Когда некоторые обезьяны
Спустились с деревьев,
придя к мысли о необходимости
стать свободными людьми,
прочие некоторые
продолжали висеть на деревьях:
Мы не дураки! –
делали они знаки ногами.

Спустившись с деревьев
пришли затем к мысли,
что надо идти дальше,
чтобы на просторе оглядеться,
приглядеться друг к другу
и прийти к последующим мыслям.

Болтающиеся на ветках
стращали сошедших,
делая вид, что им сверху виднее –
– сегодня сошли с деревьев,
завтра сойдете с ума –
что с вас взять,
от дураков надо держаться подальше...

Спустившись с деревьев
на прощанье махали руками:
–  Дураков бояться –
из лесу не выходить!

     Вот все эти версии, от благих намерений ведущие к катастрофам. Не всем хотелось, имея какой-то исторический опыт, жить с риском дихотомического размежевания или под угрозой оказаться козлами отпущения для какой-то объединившейся изобретательной мелочи. Могут и медведи растоптать во время очередной тренировки, ведь обезьяны явно обратно к себе на деревья не возьмут, да и деревья на перечет.
     Поиск независимости от истории привел некоторых не к «выходу из лесу», а к идее создания автономного Ареала силами водолазов и околпачивателей.
     Это тоже было благое намерение.
     Никто не рассчитывал на мое появление, на мою странную страсть что-то запоминать, сравнивать и записывать. Придворным сочинителям исторического времени было удобно: они спрашивали, что и как писать, и, если что-то не так писали, постоянно исправлялись, за что их и держали. Здесь же вообще пришли к полному отрицанию так называемого нематериального творчества. Да вообще инстинктивно преследовали всякий интерес к происходящему.
     Мое пристальное любопытство к происходящему не могло остаться незамеченным.
     Находящиеся внутри Ареала непотомственные, те, кто непосредственно не участвовали в грандиозном строительстве, замыслили недоброе, и не мог от них ожидать добра тот, кто мог раскрыть их замысел.
     Непотомственные устраивали различные демонстрации, вплоть до демонстрации кинофильмов, лишь бы усыпить бдительность трудящихся потомственных.
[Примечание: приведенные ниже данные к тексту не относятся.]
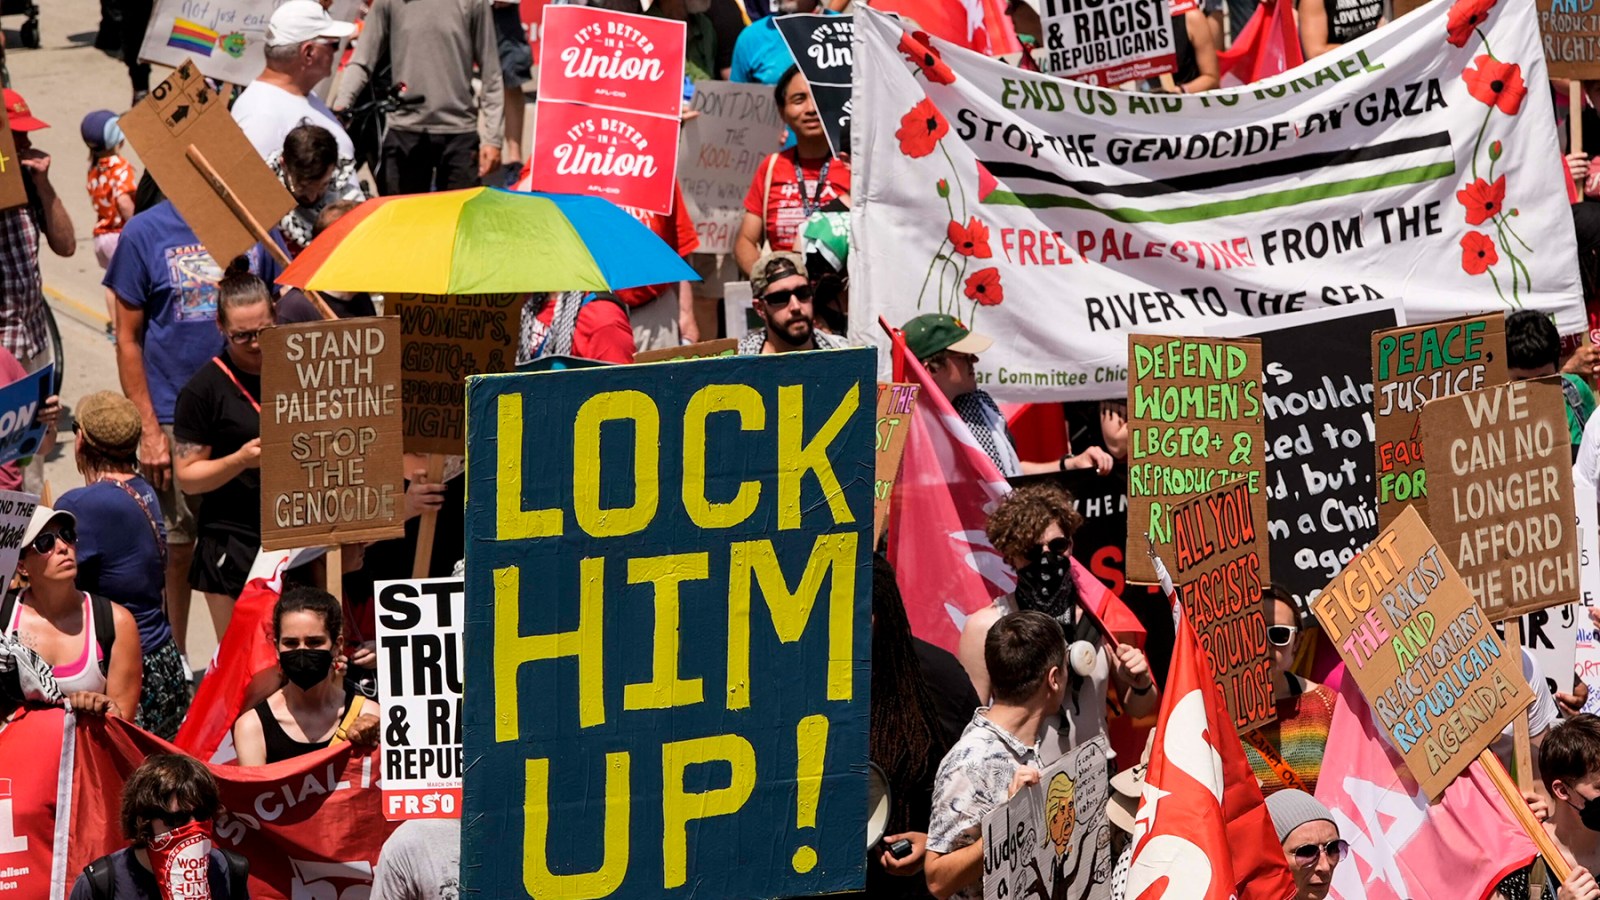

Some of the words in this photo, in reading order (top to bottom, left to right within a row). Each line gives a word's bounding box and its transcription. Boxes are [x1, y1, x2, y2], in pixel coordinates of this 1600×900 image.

Таким образом, они ожидали, что, как только сомкнется колпак, ситуация будет такой: водолазы останутся вне Ареала и к тому же без воды, так как непотомственные замуруют все входы, стоит только кромешной воде всей войти внутрь. Околпачиватели останутся на поверхности колпака снаружи.
     Ни те, ни другие не смеют, согласно программе, портить свое создание.
     И вот тогда непотомственные отделятся от материка, а затем, выпуская постепенно воду, отделятся и от всей планеты, так как водяная струя создаст необходимую реактивную тягу (ЖРД).
     По мнению непотомственных, я был единственным, кто мог бы, пользуясь письменностью, выдать информацию об их замысле либо современникам, либо потомкам. Собственно говоря, из-за того они и проводили кампанию по смыванию. То, что за колпаком не было грамотных, им не было известно, так как и они были весьма малограмотны.
     – Ну что, все пишешь? – как-то спросили меня непотомственные в непромокаемой одежде.
     – Да так, помаленьку, – скромно ответил я.
     – А пользуешься ли ты условностями? – спросили непромокаемые.
     – Нет, я в основном пользуюсь слухами, – ответил я, поскольку слухи были критерием истины для непромокаемых.
     – Да мы тебя не об этом спрашиваем, – уточнили те, – мы спрашиваем, в каких условиях ты пишешь, может, тебе чего не хватает?
     Я ответил, что условия, как у всех.
     – Это плохо, если как у всех. Все не пишут. Тебе надо создать отдельные условия. Ты должен быть ближе к жизни и в то же время ближе к искусству. Мы поможем тебе прийти в надлежащее творческое состояние.
     И они помогли. Они втолкнули меня внутрь памятника Великой Случайности, заткнули пробкой выход и написали снаружи: «ИКСпонат не трогать, он творит».
     – Пусть зреет духовно и физически! – сказали они друг другу и стали расплываться, пока вдруг не исчезли совсем.
     А потом исчезла и вода, в которой они исчезли.

Конец второй скрепки.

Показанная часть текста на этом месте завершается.